While Type 1 diabetes symptoms can appear suddenly (sometimes in a matter of weeks), Type 2 diabetes symptoms develop much more slowly and can go unnoticed for years.

Etiology of Diabetes Mellitus

The word etiology is derived from Greek word “aetiologia”. Hence, etiology is defined as the science of finding causes and origins in which a disease is arise, It includes –

  • It is currently believed that the juvenile-onset (insulin dependent) form has an auto immune etiology.
  • Viruses may also play a role in the etiology of diabetes like coxsackieB.
  • Mumps and rubella viruses all have been shown to produce morphologic changes in the islet-cell structure.
  • The genetic role in the etiology of diabetes is controversial. Possibly a genetic trait makes an = individual’s pancreas more susceptible to one of the above viruses.

Causes of diabetes mellitus

Diabetes Mellitus (DM) occurs when the body cannot properly produce or use insulin, leading to high blood sugar.

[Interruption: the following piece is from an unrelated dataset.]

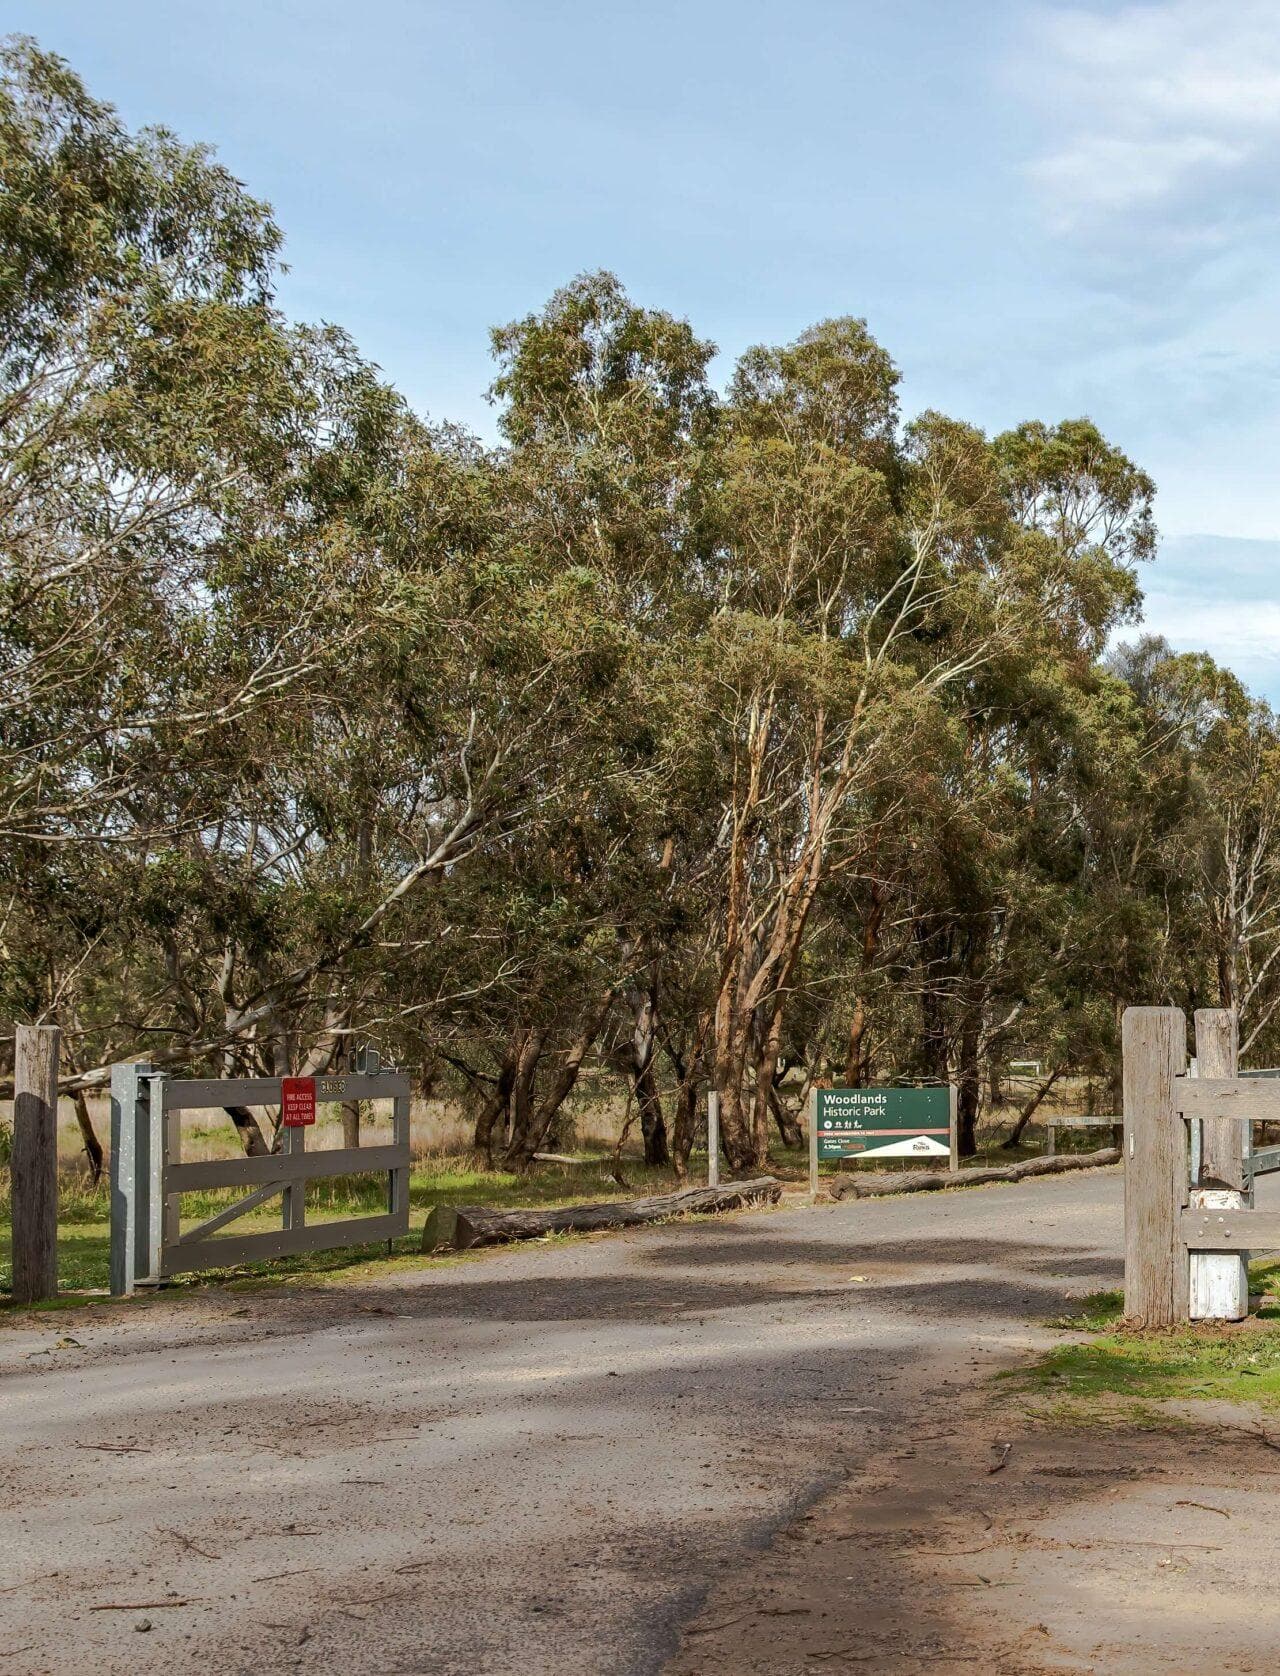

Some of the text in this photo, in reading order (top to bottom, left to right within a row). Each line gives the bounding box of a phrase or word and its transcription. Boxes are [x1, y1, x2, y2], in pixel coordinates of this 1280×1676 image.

[823, 1094, 887, 1105] Woodlands
[823, 1106, 886, 1117] Historic Park
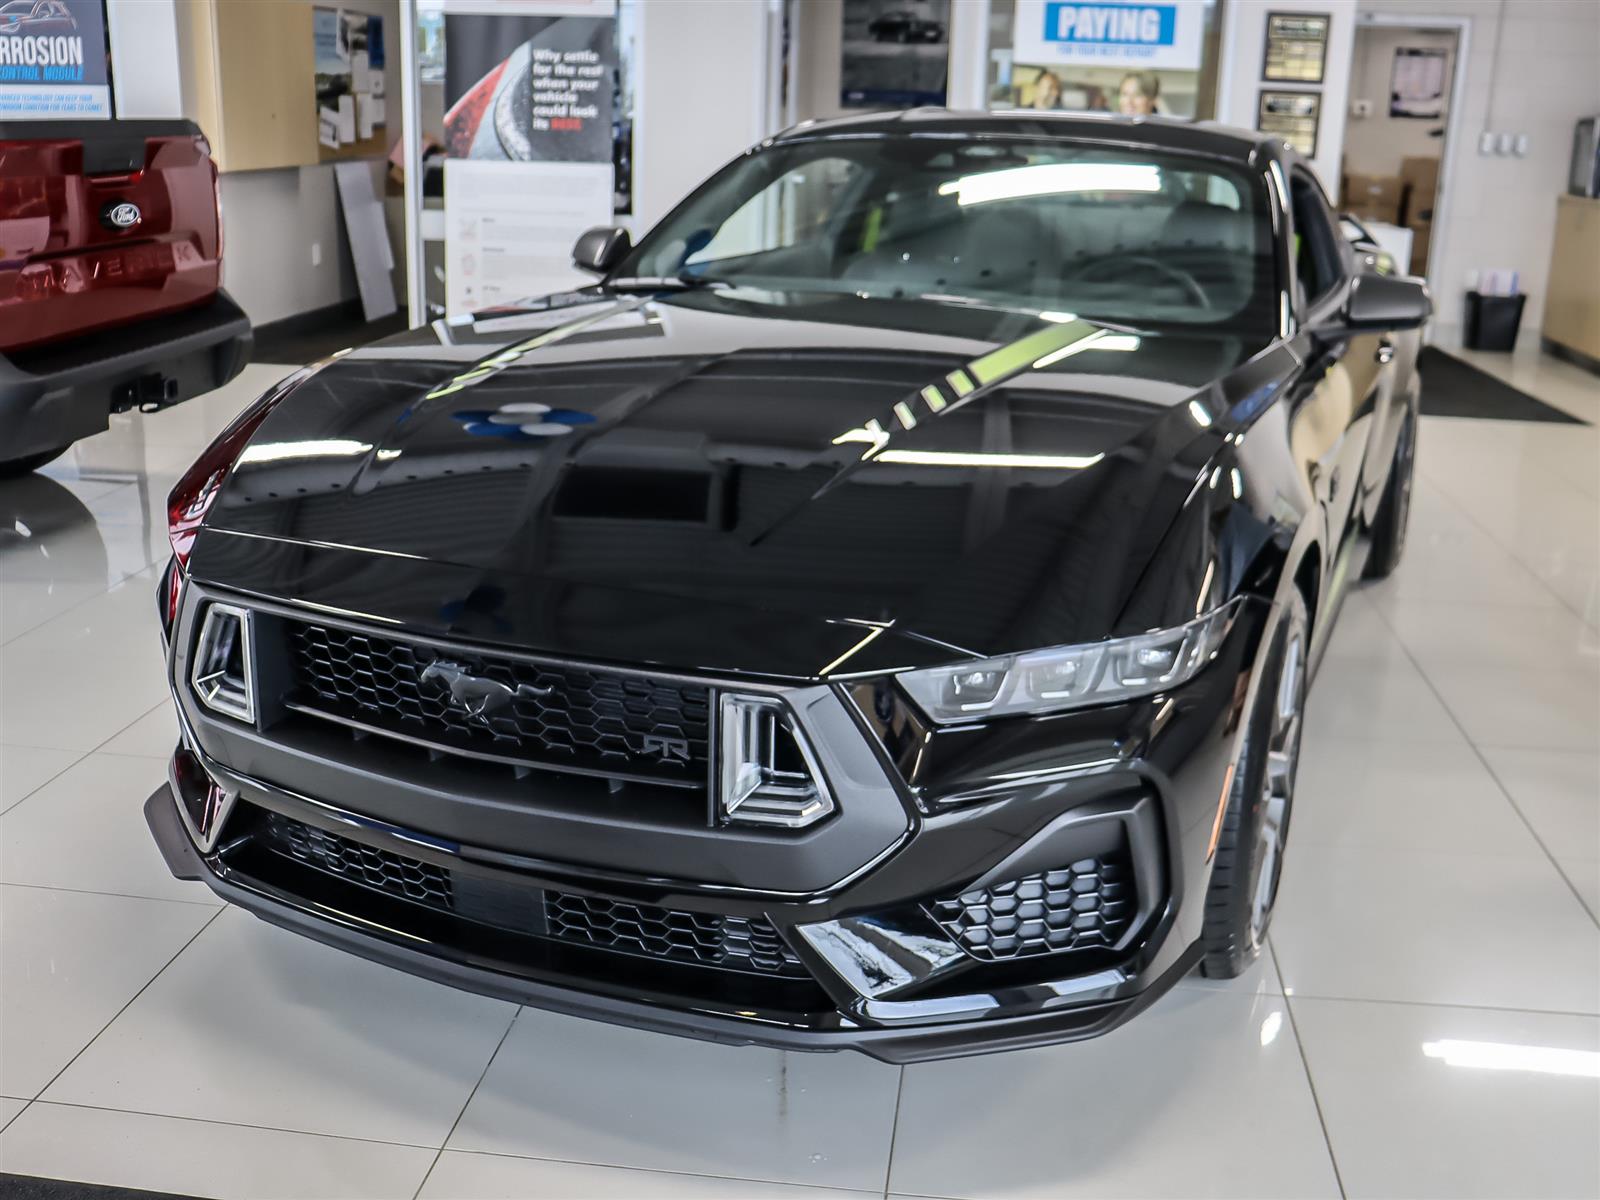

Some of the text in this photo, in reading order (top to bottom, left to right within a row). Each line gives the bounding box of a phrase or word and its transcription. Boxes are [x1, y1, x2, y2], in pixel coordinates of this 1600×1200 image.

Causes vary by type: Type 1 is an autoimmune disease where genes and environmental triggers destroy insulin-making cells; Type 2 is driven by insulin resistance, genetics, and lifestyle factors.

Specific causes and triggers differ depending on the specific type of the condition:

Type 1 Diabetes

  • Autoimmune Response: The body’s immune system mistakenly attacks and destroys the insulin-producing beta cells in the pancreas.
  • Genetics: Inheriting specific genes increases susceptibility to the disease.
  • Environmental Triggers: Exposure to certain viral infections or environmental toxins may trigger the autoimmune attack in genetically predisposed individuals.

Type 2 Diabetes (Most Common)

  • Insulin Resistance: The body’s cells (especially in muscles, fat, and liver) fail to respond effectively to insulin, requiring the pancreas to overproduce it.
  • Genetics and Family History: Having a parent or sibling with the condition significantly increases risk.
  • Lifestyle Factors: Physical inactivity, poor diet, and excess body fat (particularly visceral fat around the abdomen) are major contributors.
  • Hormonal and Medical Conditions: Conditions like Polycystic Ovary Syndrome (PCOS), Cushing syndrome, or obstructive sleep apnea can cause insulin resistance.
  • Age: Risk increases as you get older, particularly after age 35.

Gestational Diabetes

  • Pregnancy Hormones: Hormonal changes during pregnancy can block the action of the mother's insulin (insulin resistance).
  • Lifestyle and Weight: Being overweight prior to pregnancy or excessive weight gain during pregnancy.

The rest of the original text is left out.